→ WHAT YOU NEED TO DO
Everything in the entries except the pictures should be repeated exactly.

→ INPUT DATA
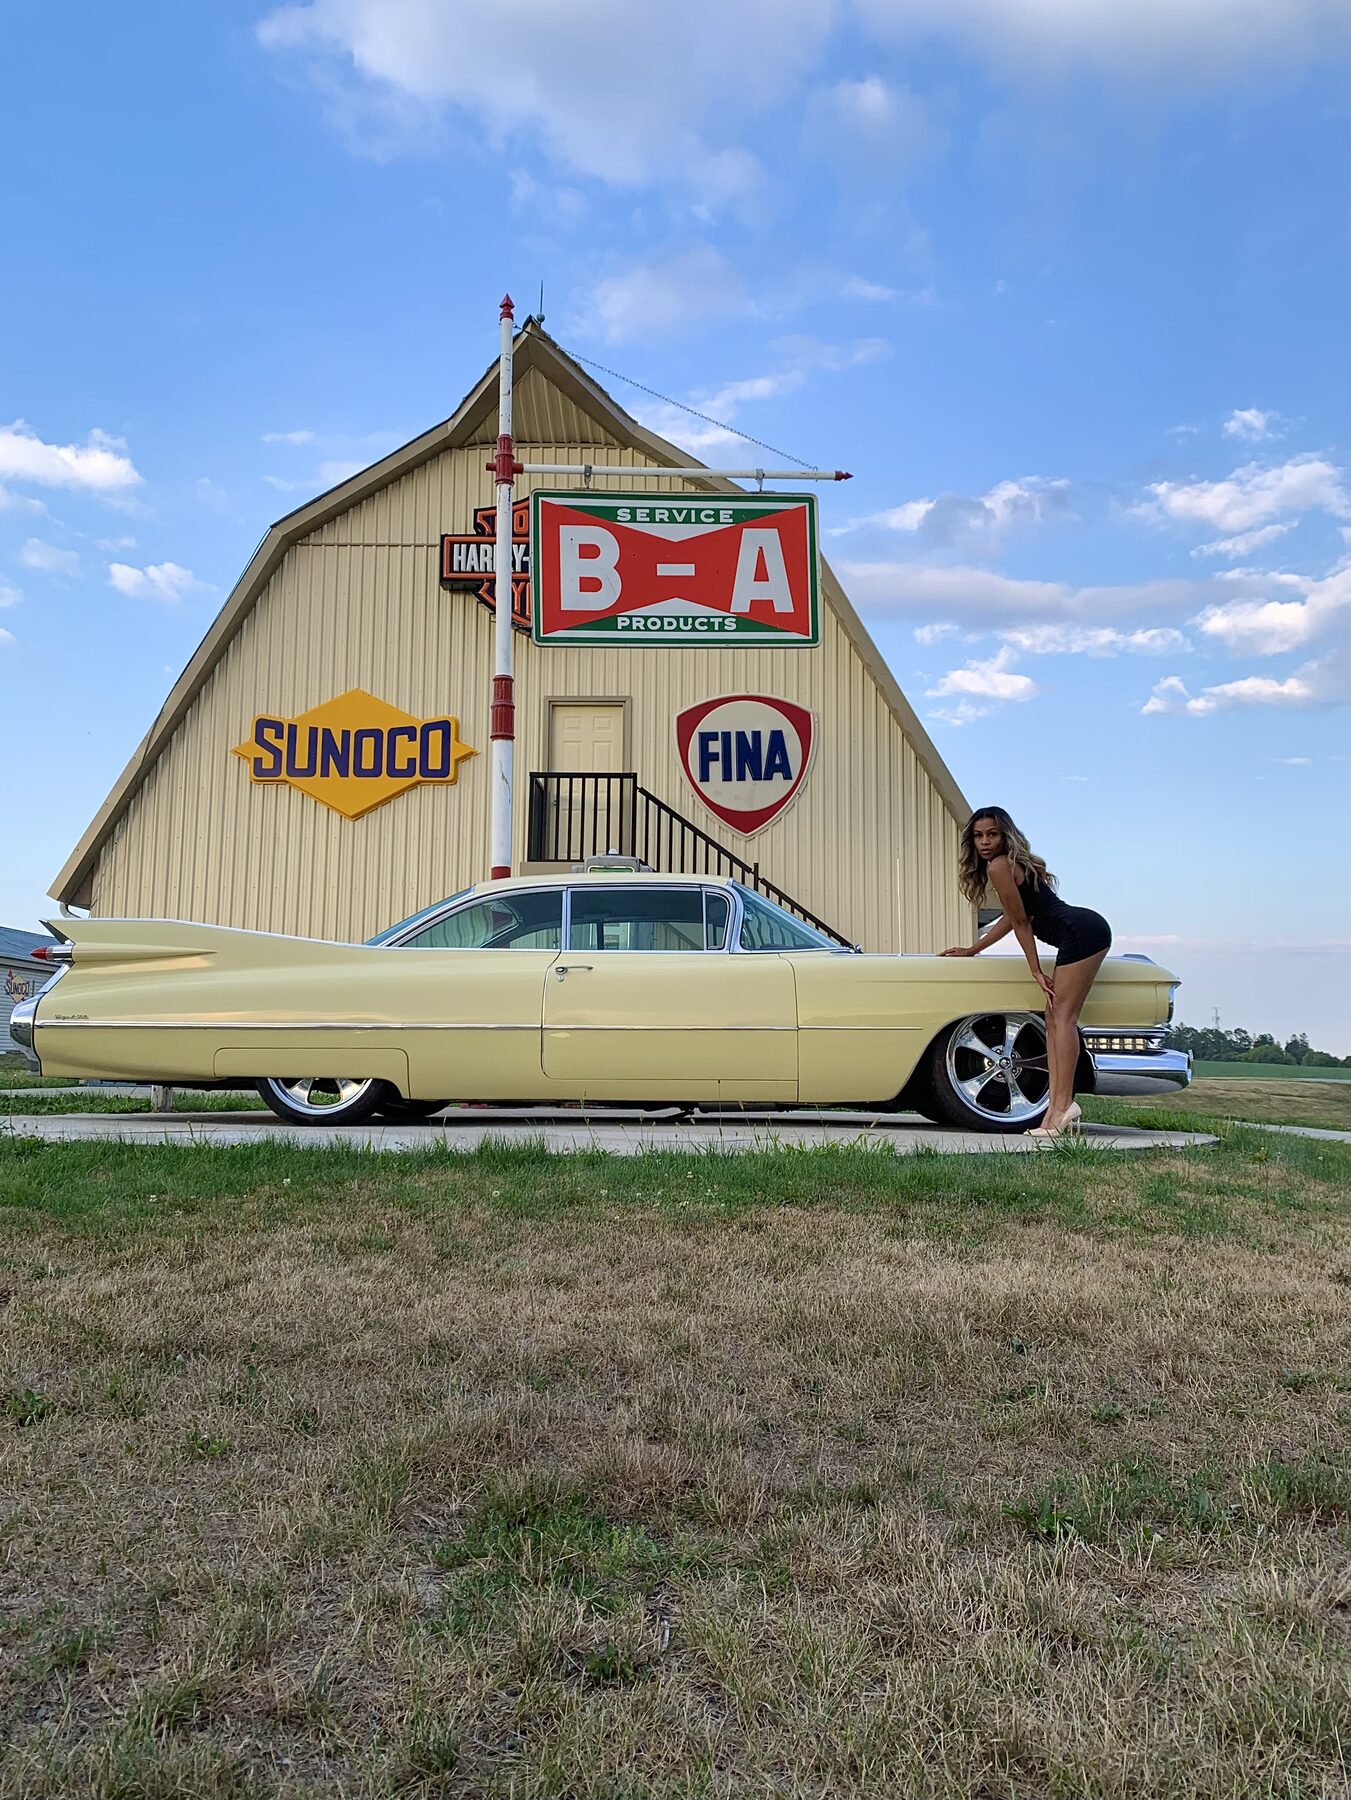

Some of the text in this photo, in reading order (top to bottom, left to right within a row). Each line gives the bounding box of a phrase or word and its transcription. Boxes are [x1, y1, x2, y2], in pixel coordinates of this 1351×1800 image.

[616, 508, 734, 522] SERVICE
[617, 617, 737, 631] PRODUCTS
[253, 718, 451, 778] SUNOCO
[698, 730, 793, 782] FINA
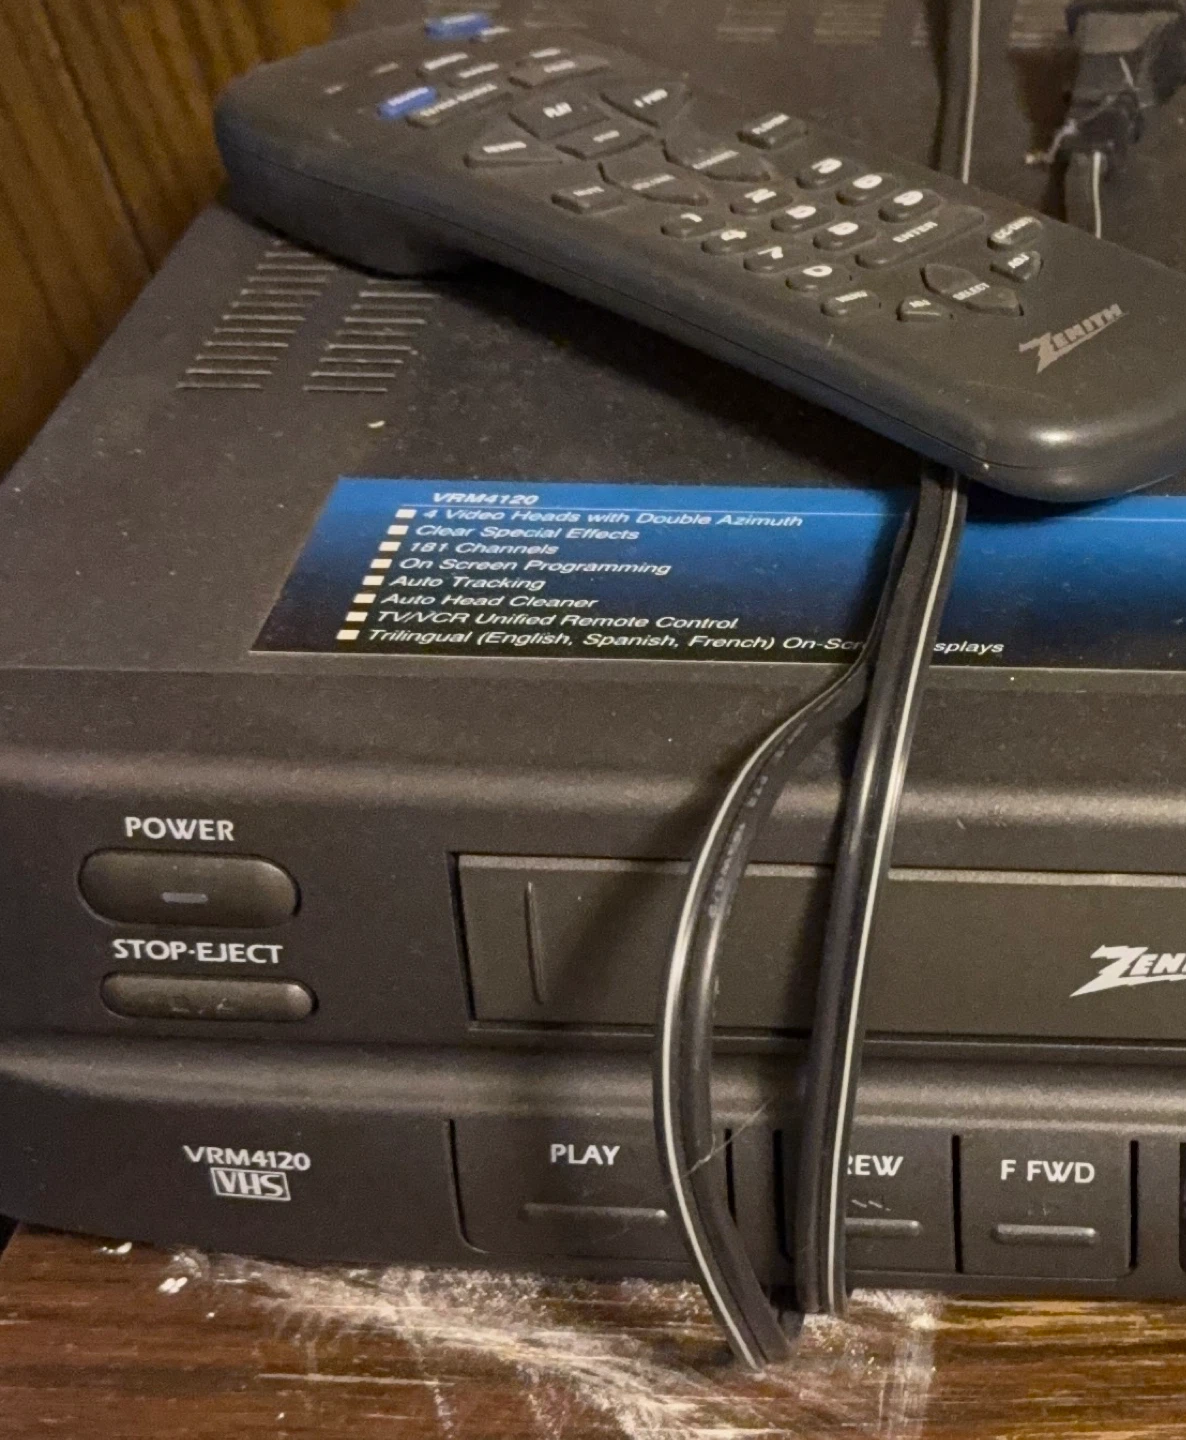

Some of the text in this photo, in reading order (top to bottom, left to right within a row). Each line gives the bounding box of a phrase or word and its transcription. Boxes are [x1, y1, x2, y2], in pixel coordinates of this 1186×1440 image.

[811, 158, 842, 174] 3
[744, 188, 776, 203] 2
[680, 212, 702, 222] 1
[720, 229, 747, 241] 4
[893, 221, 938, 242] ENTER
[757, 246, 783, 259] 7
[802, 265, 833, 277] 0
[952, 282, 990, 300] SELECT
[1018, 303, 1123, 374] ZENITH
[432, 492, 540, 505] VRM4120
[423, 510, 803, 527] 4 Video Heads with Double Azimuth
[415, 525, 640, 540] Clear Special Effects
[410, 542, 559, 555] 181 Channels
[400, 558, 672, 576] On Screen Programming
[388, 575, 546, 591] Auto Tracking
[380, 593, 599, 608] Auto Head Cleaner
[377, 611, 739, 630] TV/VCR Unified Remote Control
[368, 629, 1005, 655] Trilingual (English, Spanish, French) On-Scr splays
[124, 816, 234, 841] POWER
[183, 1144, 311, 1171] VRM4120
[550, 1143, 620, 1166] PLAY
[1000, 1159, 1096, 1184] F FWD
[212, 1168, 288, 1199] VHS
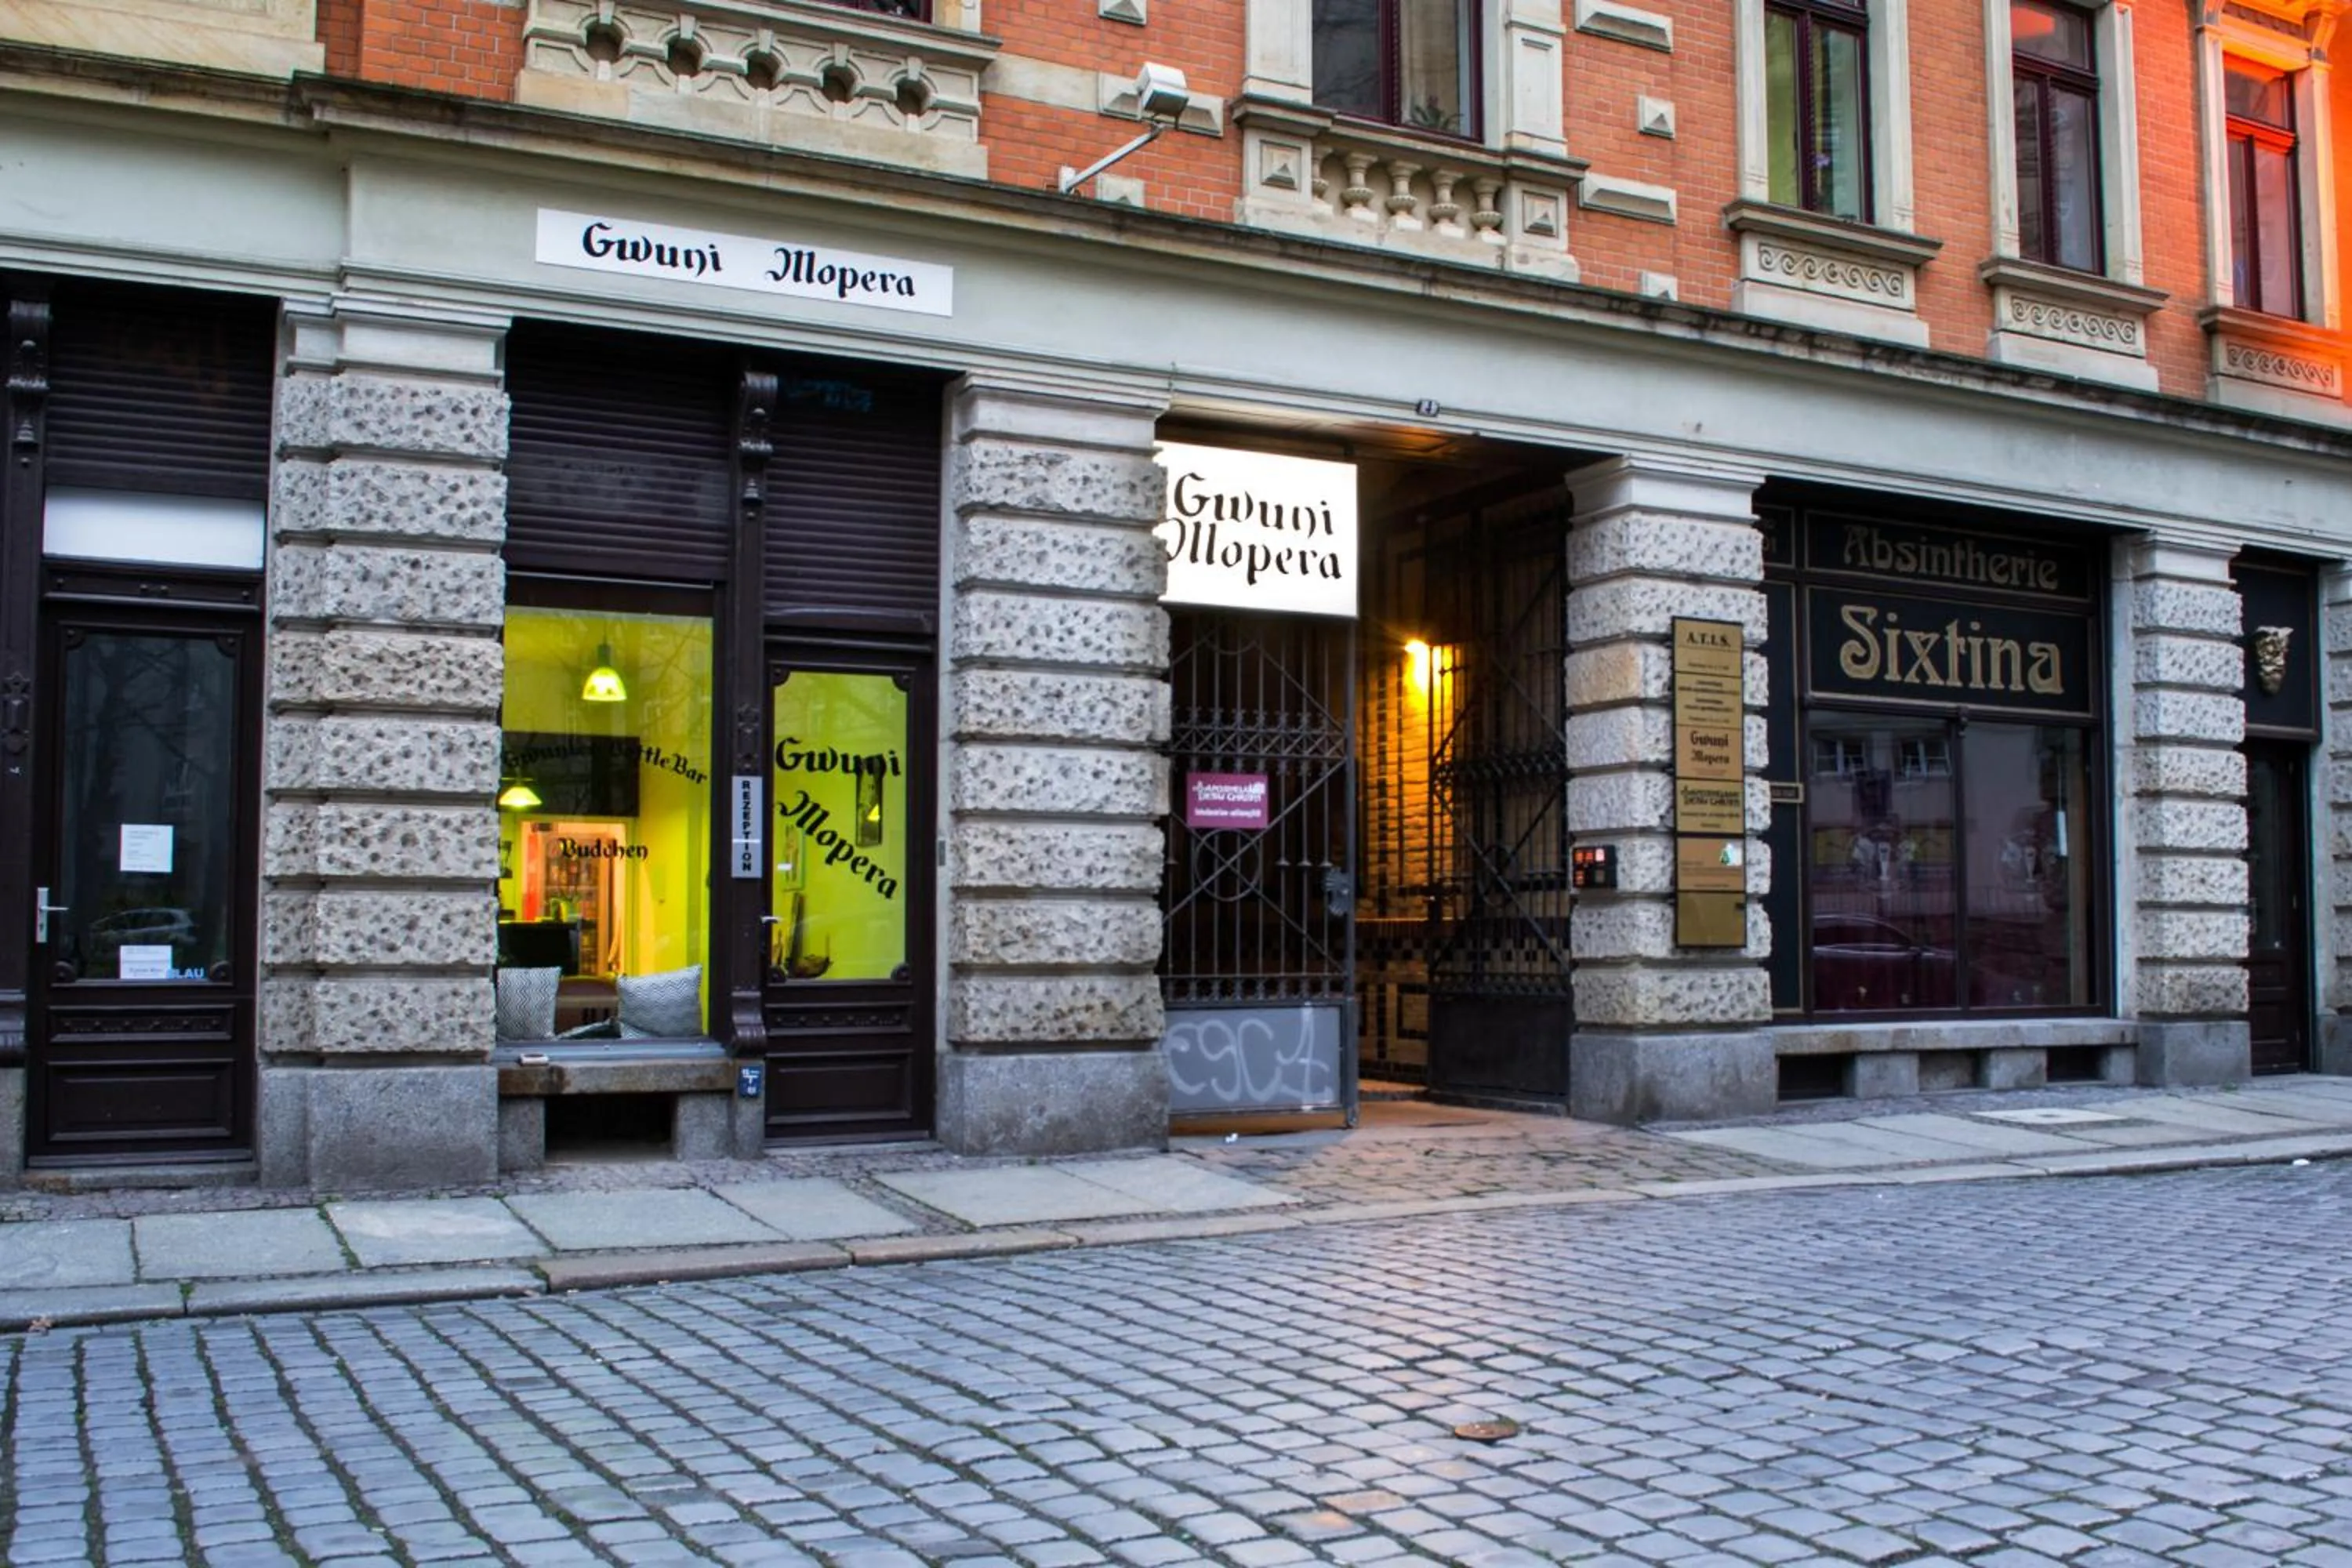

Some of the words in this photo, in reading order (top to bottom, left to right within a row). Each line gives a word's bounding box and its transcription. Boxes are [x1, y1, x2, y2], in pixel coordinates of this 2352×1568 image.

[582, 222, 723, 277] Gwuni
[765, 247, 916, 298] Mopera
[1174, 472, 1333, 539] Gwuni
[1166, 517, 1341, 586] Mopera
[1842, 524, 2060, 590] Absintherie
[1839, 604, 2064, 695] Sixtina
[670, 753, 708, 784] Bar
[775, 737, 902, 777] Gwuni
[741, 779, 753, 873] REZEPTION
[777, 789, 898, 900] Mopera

→ RESULT
Some of the text in this photo, in reading order (top to bottom, left to right within a row). Each line gives the bounding box of a phrase or word and its transcription. Boxes are [x1, y1, x2, y2], in pixel coordinates of this 1351×1800 image.

[616, 508, 734, 522] SERVICE
[617, 617, 737, 631] PRODUCTS
[253, 718, 451, 778] SUNOCO
[698, 730, 793, 782] FINA

Some of the text in this photo, in reading order (top to bottom, left to right within a row). Each line gives the bounding box of a phrase or word and its transcription. Boxes are [x1, y1, x2, y2], in pixel coordinates of this 1186×1440 image.

[811, 158, 842, 174] 3
[744, 188, 776, 203] 2
[680, 212, 702, 222] 1
[720, 229, 747, 241] 4
[893, 221, 938, 242] ENTER
[757, 246, 783, 259] 7
[802, 265, 833, 277] 0
[952, 282, 990, 300] SELECT
[1018, 303, 1123, 374] ZENITH
[432, 492, 540, 505] VRM4120
[423, 510, 803, 527] 4 Video Heads with Double Azimuth
[415, 525, 640, 540] Clear Special Effects
[410, 542, 559, 555] 181 Channels
[400, 558, 672, 576] On Screen Programming
[388, 575, 546, 591] Auto Tracking
[380, 593, 599, 608] Auto Head Cleaner
[377, 611, 739, 630] TV/VCR Unified Remote Control
[368, 629, 1005, 655] Trilingual (English, Spanish, French) On-Scr splays
[124, 816, 234, 841] POWER
[183, 1144, 311, 1171] VRM4120
[550, 1143, 620, 1166] PLAY
[1000, 1159, 1096, 1184] F FWD
[212, 1168, 288, 1199] VHS

Some of the words in this photo, in reading order (top to bottom, left to right within a row). Each line gives a word's bounding box and its transcription. Boxes are [x1, y1, x2, y2], in pixel coordinates of this 2352×1568 image.

[582, 222, 723, 277] Gwuni
[765, 247, 916, 298] Mopera
[1174, 472, 1333, 539] Gwuni
[1166, 517, 1341, 586] Mopera
[1842, 524, 2060, 590] Absintherie
[1839, 604, 2064, 695] Sixtina
[670, 753, 708, 784] Bar
[775, 737, 902, 777] Gwuni
[741, 779, 753, 873] REZEPTION
[777, 789, 898, 900] Mopera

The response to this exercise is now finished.